Elective and non-elective endomyocardial biopsy in heart transplant patients and procedural outcomes: An IMPACT registry analysis

Document Type

Journal Article

Publication Date



Pediatric transplantation




children; endomyocardial biopsy; heart transplant; hemodynamics; outcomes; rejection


BACKGROUND: Endomyocardial biopsies are standard of care for transplant surveillance, however the procedural risks are not well established, especially in children. The purpose of the study was therefore to assess procedural risks and outcomes associated with elective (surveillance) biopsies and non-elective (clinically indicated) biopsies. METHODS: We used the NCDR IMPACT registry database for this retrospective analysis. Patients undergoing an endomyocardial biopsy were identified using the procedural code, with a diagnosis of heart transplantation required. Data regarding indication, hemodynamics, adverse events and outcomes was gathered and analyzed. RESULTS: A total of 32 547 endomyocardial biopsies were performed between 2012-2020; 31 298 (96.5%) elective and 1133 (3.5%) were non-elective biopsies.

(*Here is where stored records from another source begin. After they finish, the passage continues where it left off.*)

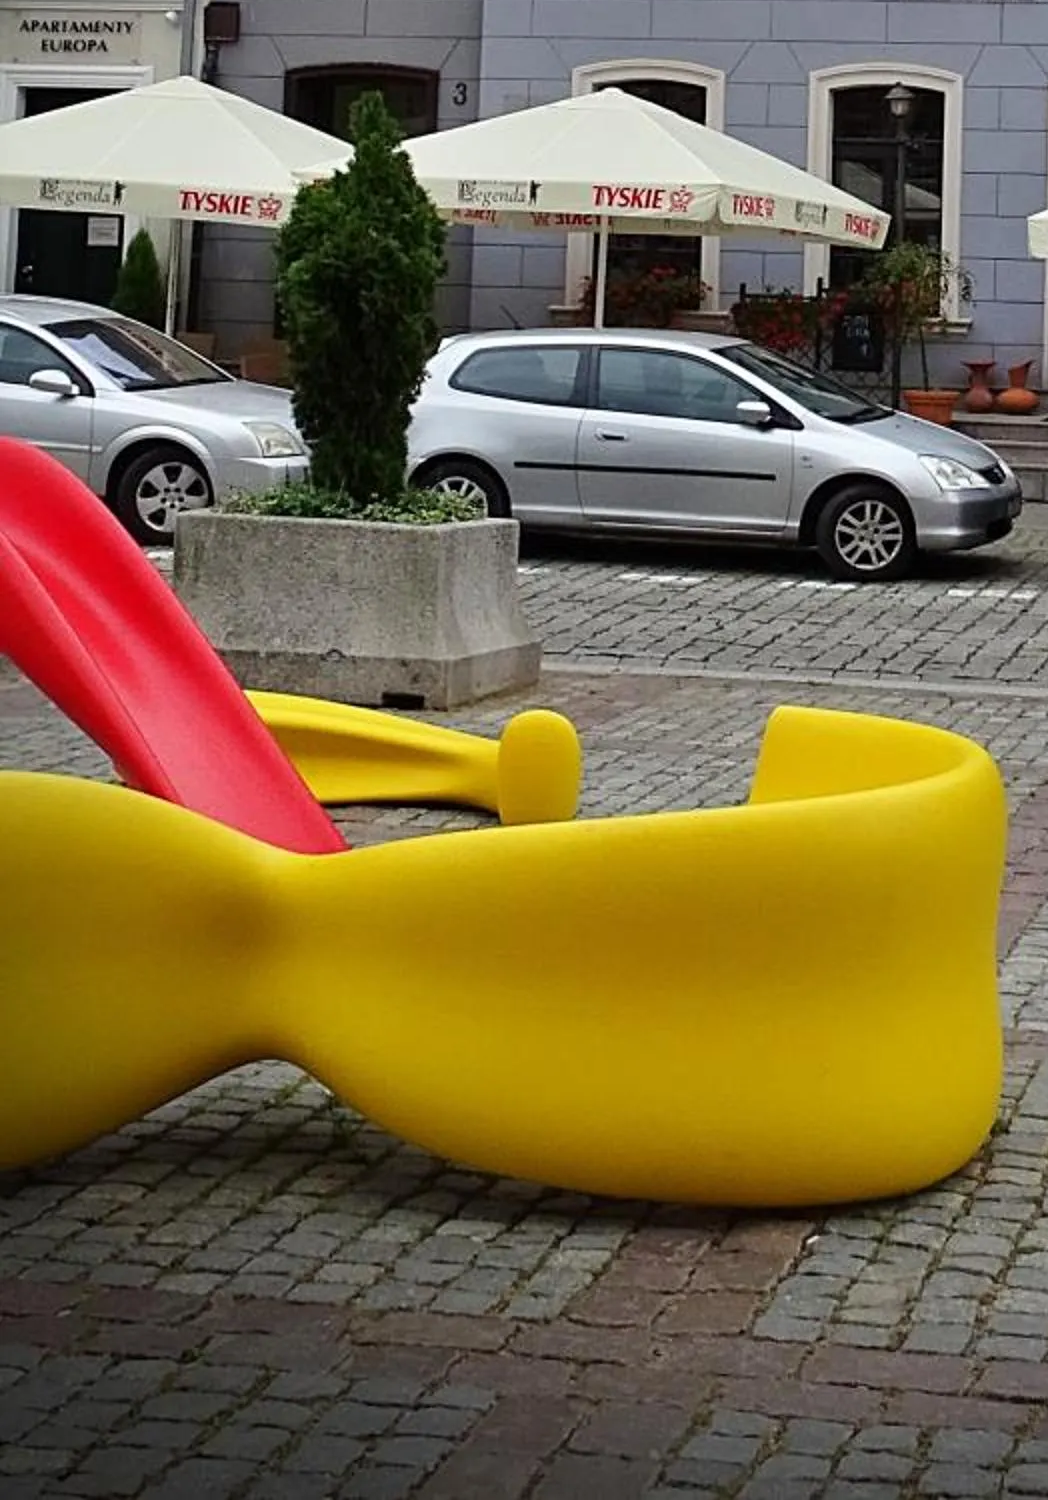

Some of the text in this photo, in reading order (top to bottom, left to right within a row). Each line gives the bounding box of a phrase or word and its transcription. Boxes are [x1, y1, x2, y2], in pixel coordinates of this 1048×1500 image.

[19, 20, 134, 34] APARTAMENTY
[41, 39, 108, 52] EUROPA
[453, 82, 467, 105] 3
[179, 190, 251, 215] TYSKIE
[593, 185, 666, 209] TYSKIE
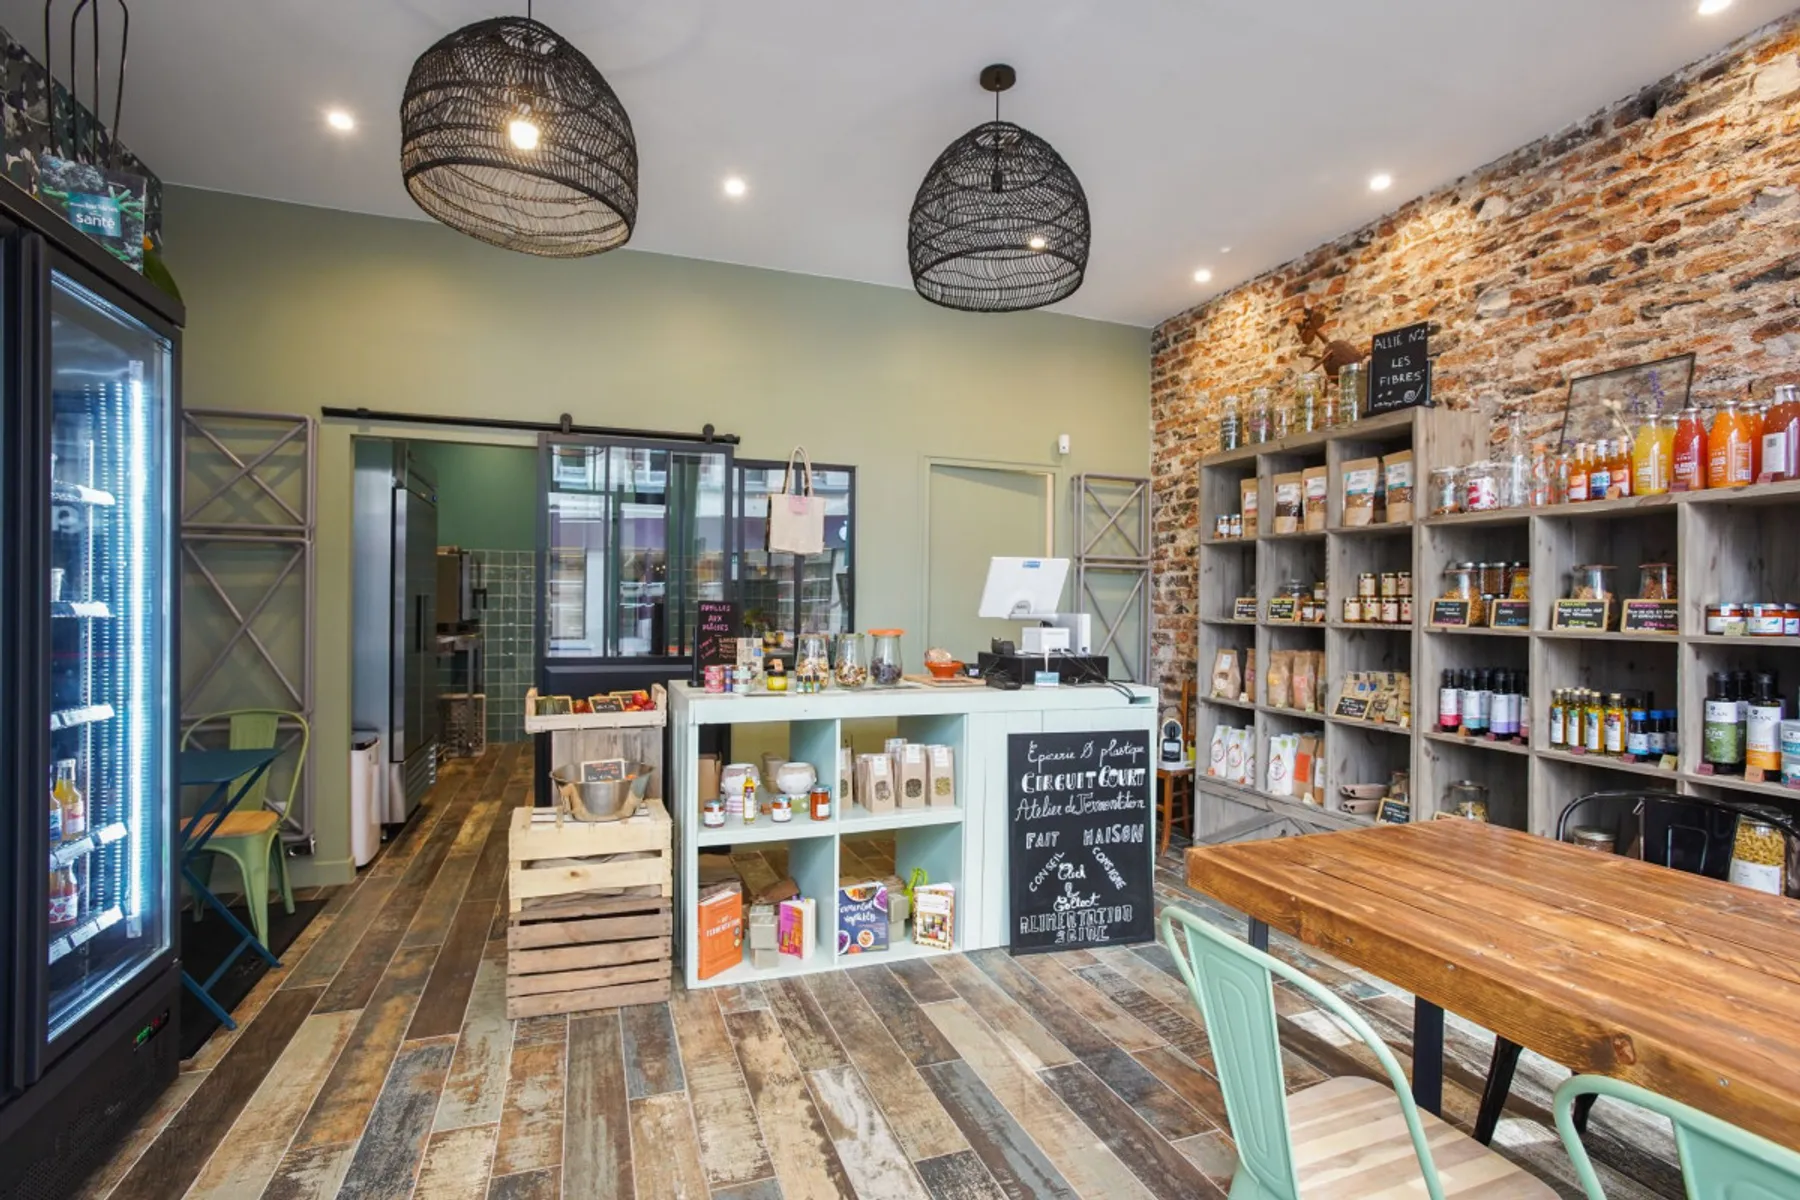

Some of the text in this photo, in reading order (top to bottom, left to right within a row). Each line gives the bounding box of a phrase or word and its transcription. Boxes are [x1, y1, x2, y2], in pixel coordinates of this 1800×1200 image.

[1391, 356, 1412, 369] LES
[1379, 371, 1422, 387] FIBRES
[1099, 738, 1146, 768] plastique
[1021, 771, 1097, 794] CIRCUIT
[1014, 795, 1063, 822] Atelier
[1064, 795, 1081, 816] de
[1025, 823, 1145, 850] FAIT MAISON
[1028, 852, 1066, 893] CONSEIL
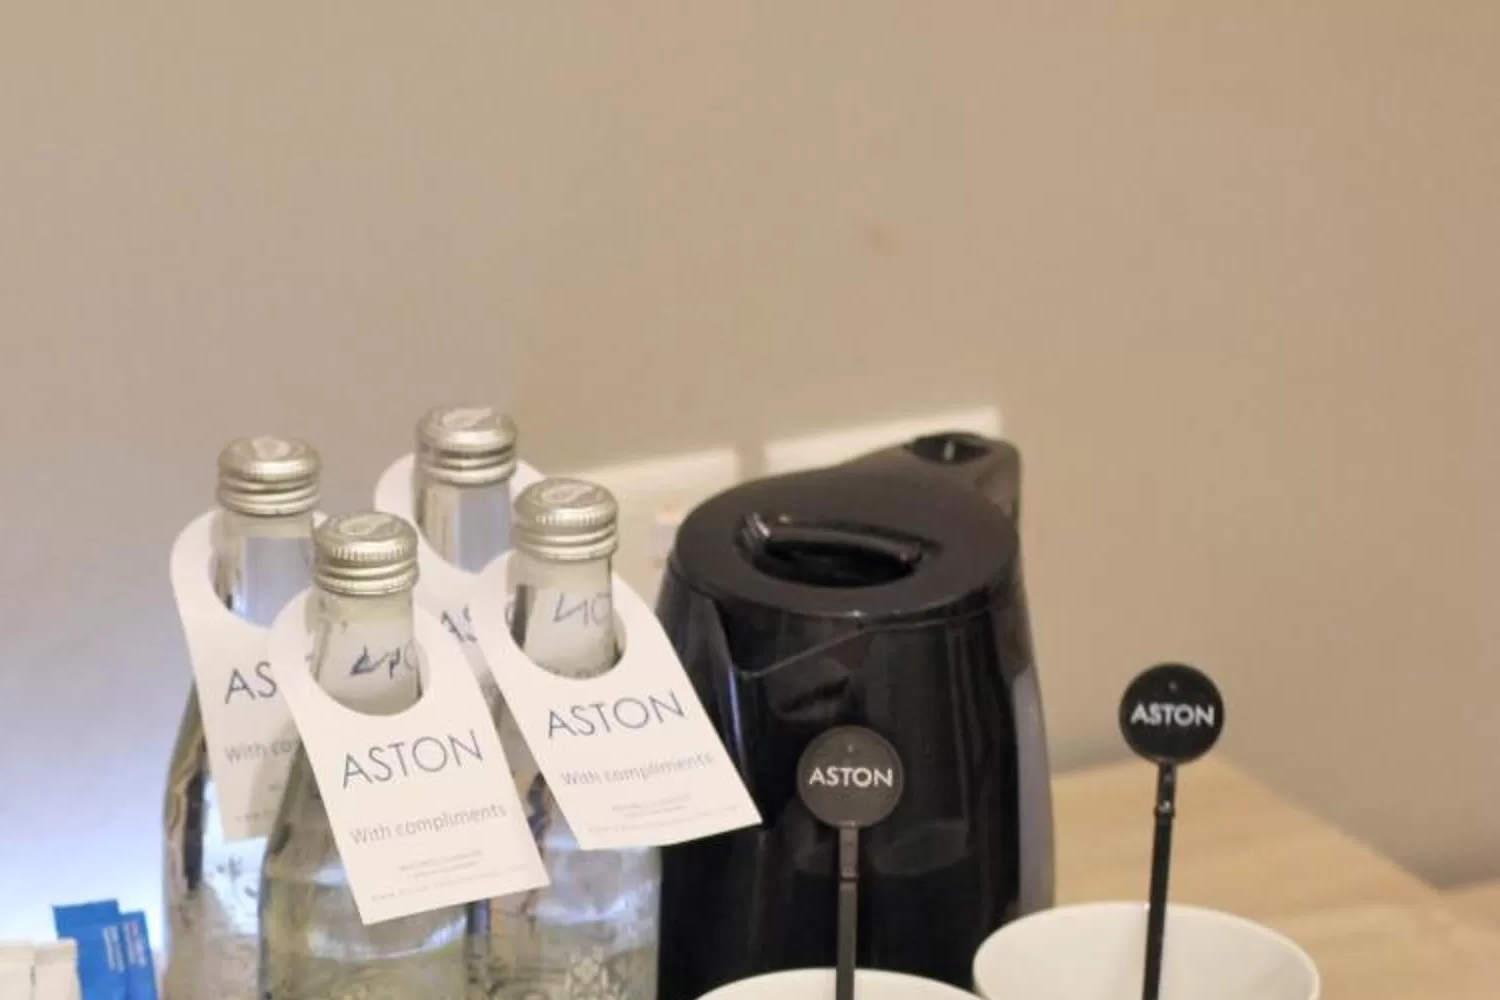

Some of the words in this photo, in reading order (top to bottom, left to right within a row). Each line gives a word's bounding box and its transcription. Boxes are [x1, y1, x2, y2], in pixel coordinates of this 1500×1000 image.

[548, 691, 686, 739] ASTON
[1130, 702, 1216, 727] ASTON
[342, 729, 484, 790] ASTON
[561, 766, 602, 785] With
[604, 752, 715, 783] compliments
[808, 765, 894, 788] ASTON
[350, 823, 392, 846] With
[395, 803, 507, 836] compliments
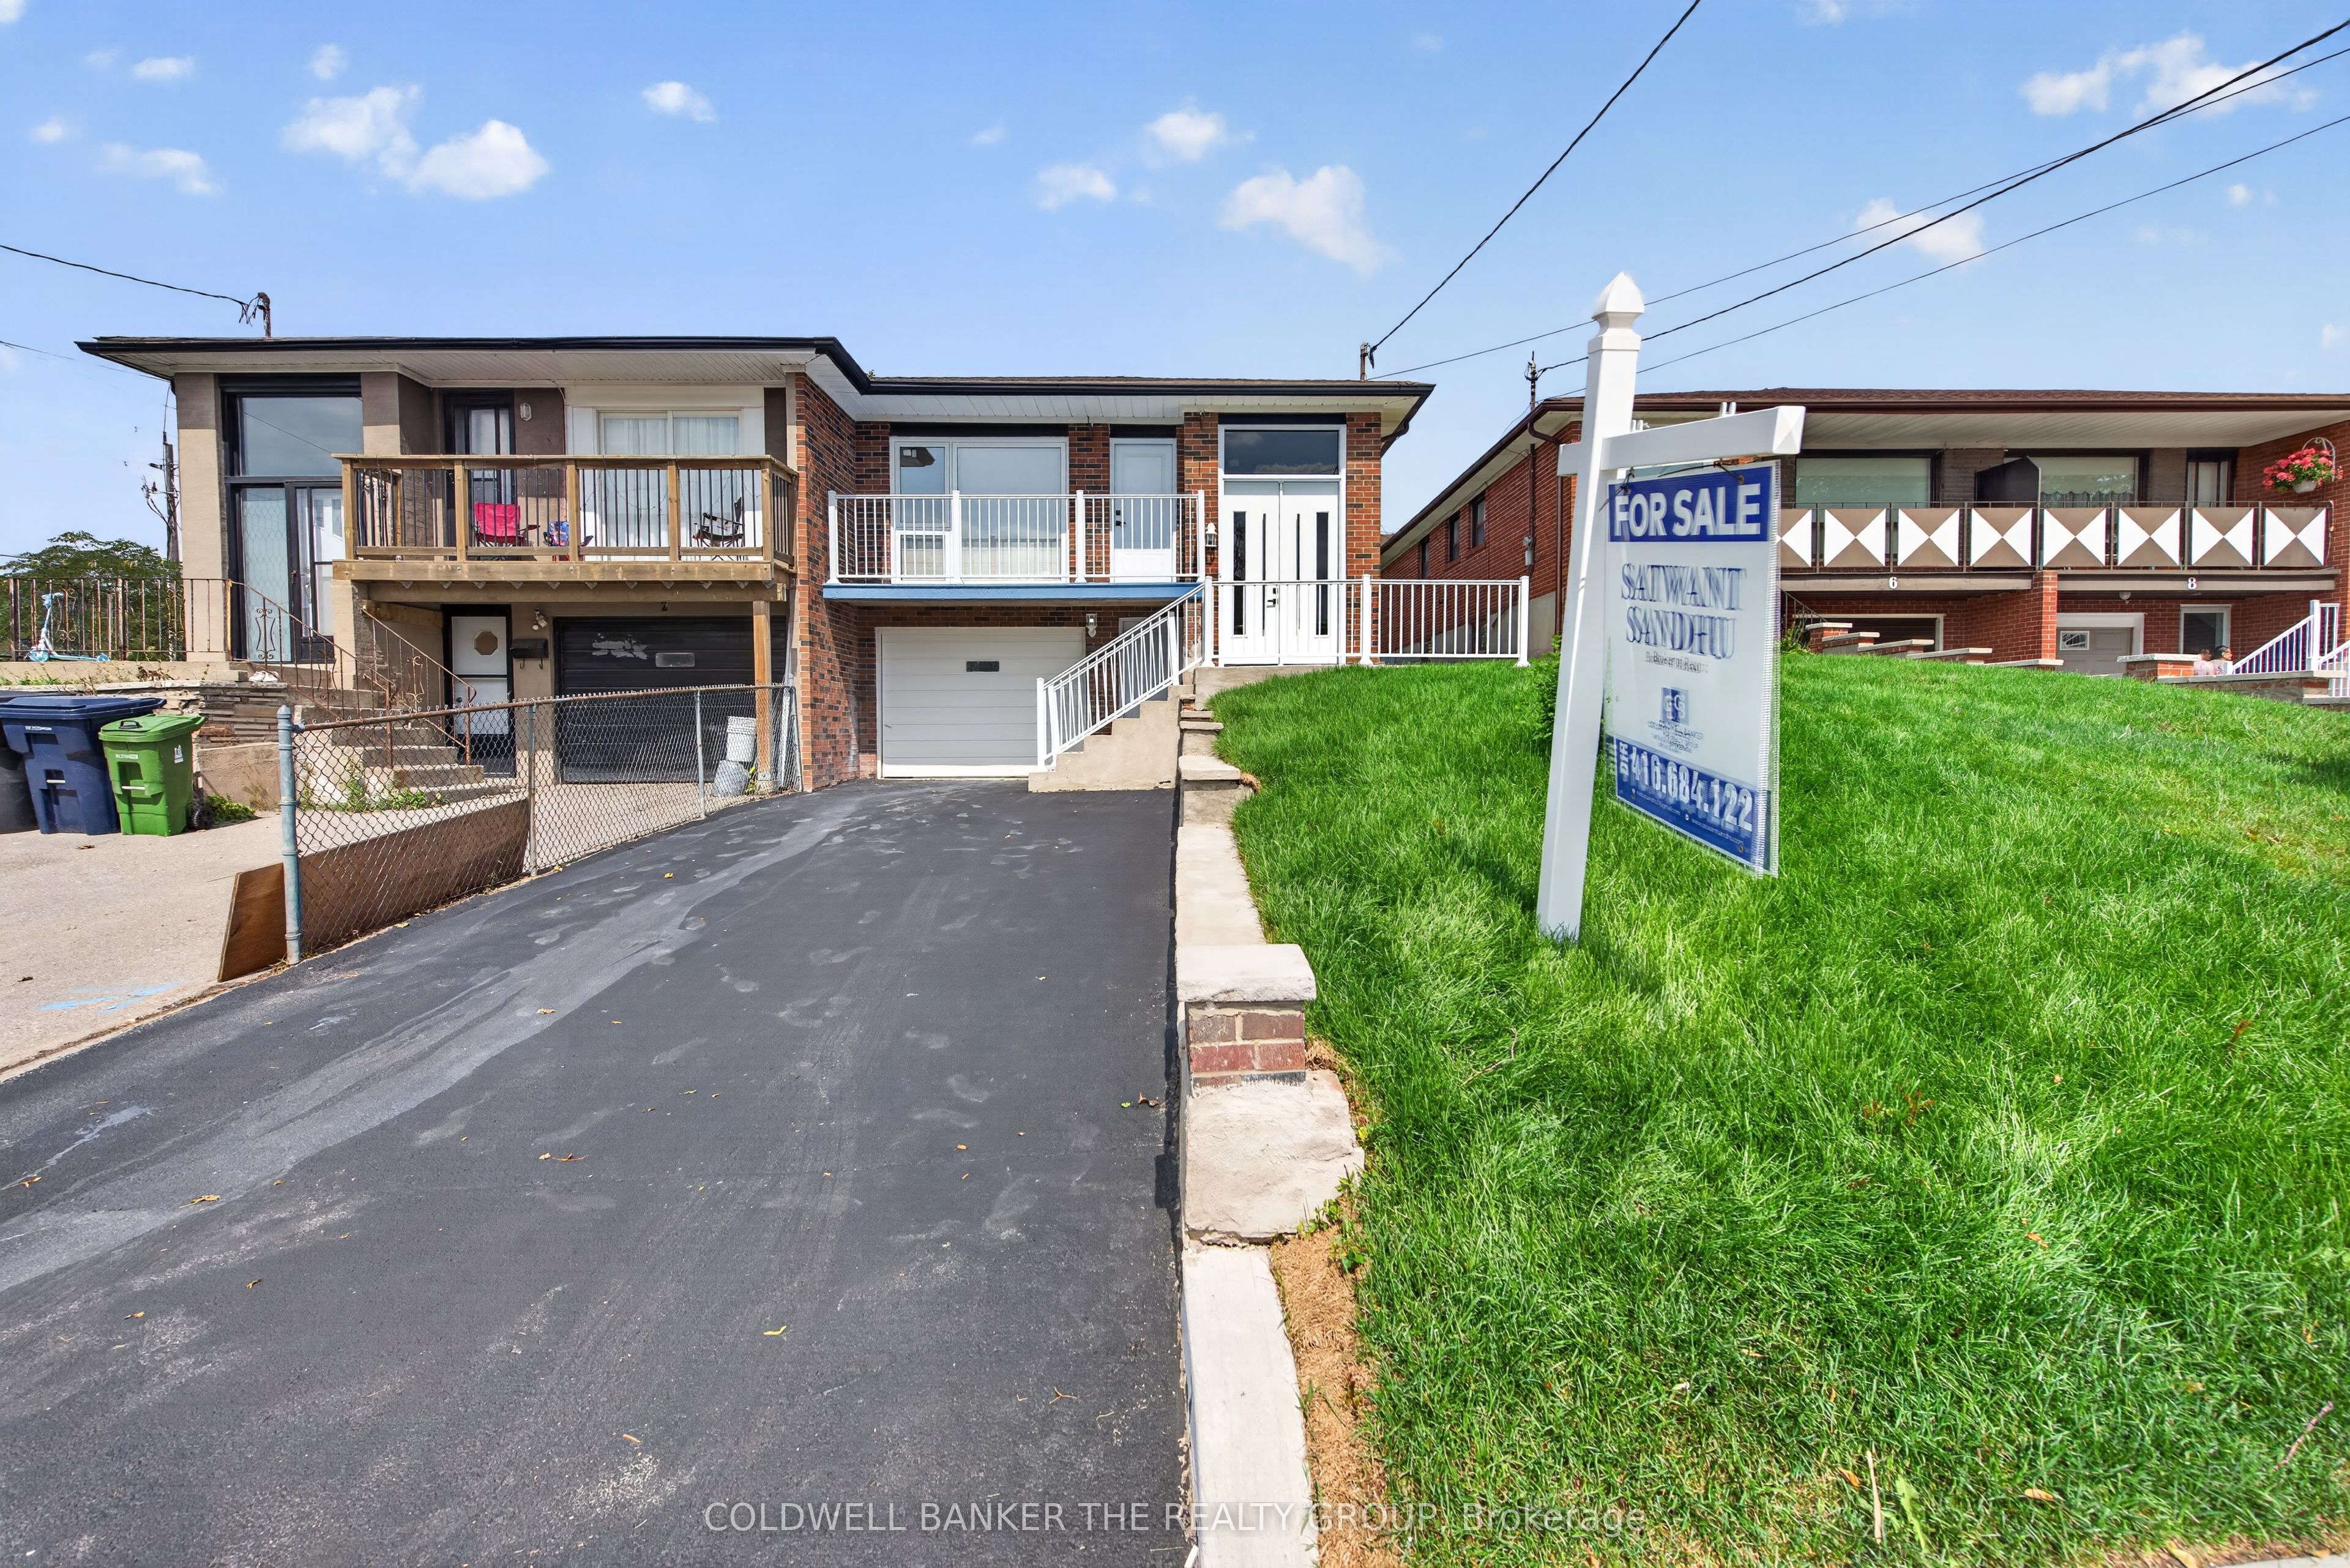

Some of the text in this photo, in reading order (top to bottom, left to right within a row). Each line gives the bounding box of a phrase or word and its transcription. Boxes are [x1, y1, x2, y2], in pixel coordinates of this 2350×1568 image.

[1614, 483, 1761, 537] FOR SALE
[1889, 576, 1897, 589] 6
[2188, 577, 2197, 589] 8
[1626, 606, 1737, 660] SANDHU

Non-elective biopsy was more commonly performed in infants and in those above 18 years of age, in female and in Black race patients and in those with non-private insurance (all p < .05) and showed hemodynamic derangements. Overall rate of complications was low. Combined major adverse events were more common in non-elective patients, with sicker patient profile, use of general anesthesia and femoral access with overall decline in these events over time. CONCLUSIONS: This large-scale analysis shows safety of surveillance biopsies and that non-elective biopsies carry a small but significant risk of major adverse event. Patient profile impacts the safety of the procedure. These data may serve as important comparison point for newer non-invasive tests and for bench marking, especially in children.